But that's exactly where the crux of our problem is -- the puzzle as to whether eBay can be defined as a Rule Breaker. While we may have been able to make that argument for years, the hints of slowdown today are difficult to ignore in the Rule Breaking sense. So far this year, we are only looking at about 30% overall growth in revenues. No, this is certainly nothing to complain about, and a level that most companies would envy, but compared to the eBay in its prime -- when 40% to 50% increases were hardly unusual -- it's not quite exciting enough.
While there's definitely evidence that eBay is back on track, investors might look elsewhere for the real heady gains. Some Fools have also opined that with the current outlook, the argument to pay eBay's premium stock price comes up a bit empty.
Fast-forward, futuristic investing
You might have guessed that I don't think eBay is currently a Rule Breaker. Was eBay once a Rule Breaker? Yes, definitely. And if the Internet auctioneer should explode into some new area that begins to really jumpstart some supercharged sales and earnings momentum, it certainly could be again.
Is eBay a bad company, one that investors shouldn't own? By no means is that the case. It still runs a superior business with perfectly decent earnings and sales, especially with the latest quarter showing it's on the mend. In many ways, it's a company that investors can still feel quite glad to own -- however, with a $42.9 billion market cap, it stands to reason that the amount of growth that this stalwart can deliver may be limited, especially considering concerns about any slowdown in domestic sales.

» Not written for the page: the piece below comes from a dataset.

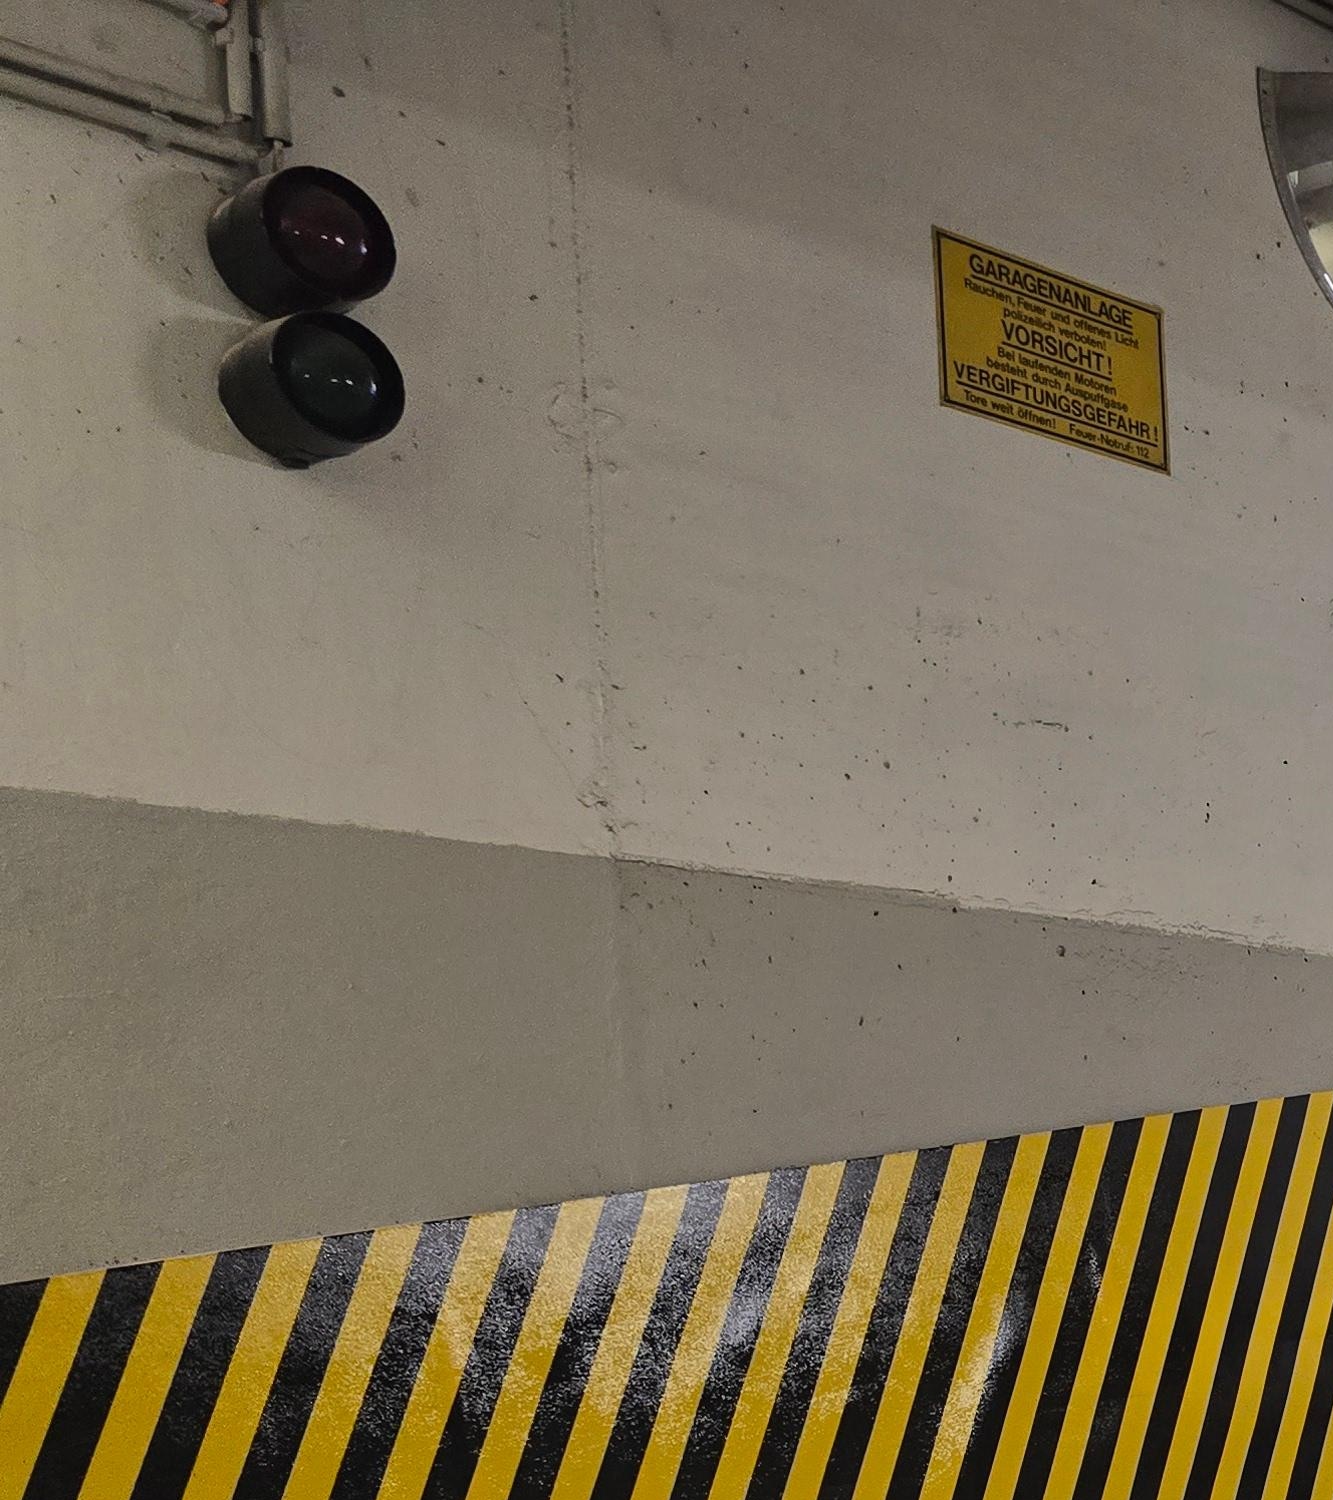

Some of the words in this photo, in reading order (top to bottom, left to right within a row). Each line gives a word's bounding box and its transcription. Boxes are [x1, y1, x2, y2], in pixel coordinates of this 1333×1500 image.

If eBay's not a Rule Breaker at the moment, the question remains: What are the next great Rule Breaking businesses that will deliver stellar gains for investors over the long term? Companies that investors haven't caught onto yet, where they can still get in on the ground floor? That's what the Rule Breakers service strives to determine, pulling together the research and opinions of expert analysts and thoughtful community members to seek out the next disruptive, star-managed, rule-shattering possibilities that lie ahead. Try a 30-day free trial and make a bid on the future.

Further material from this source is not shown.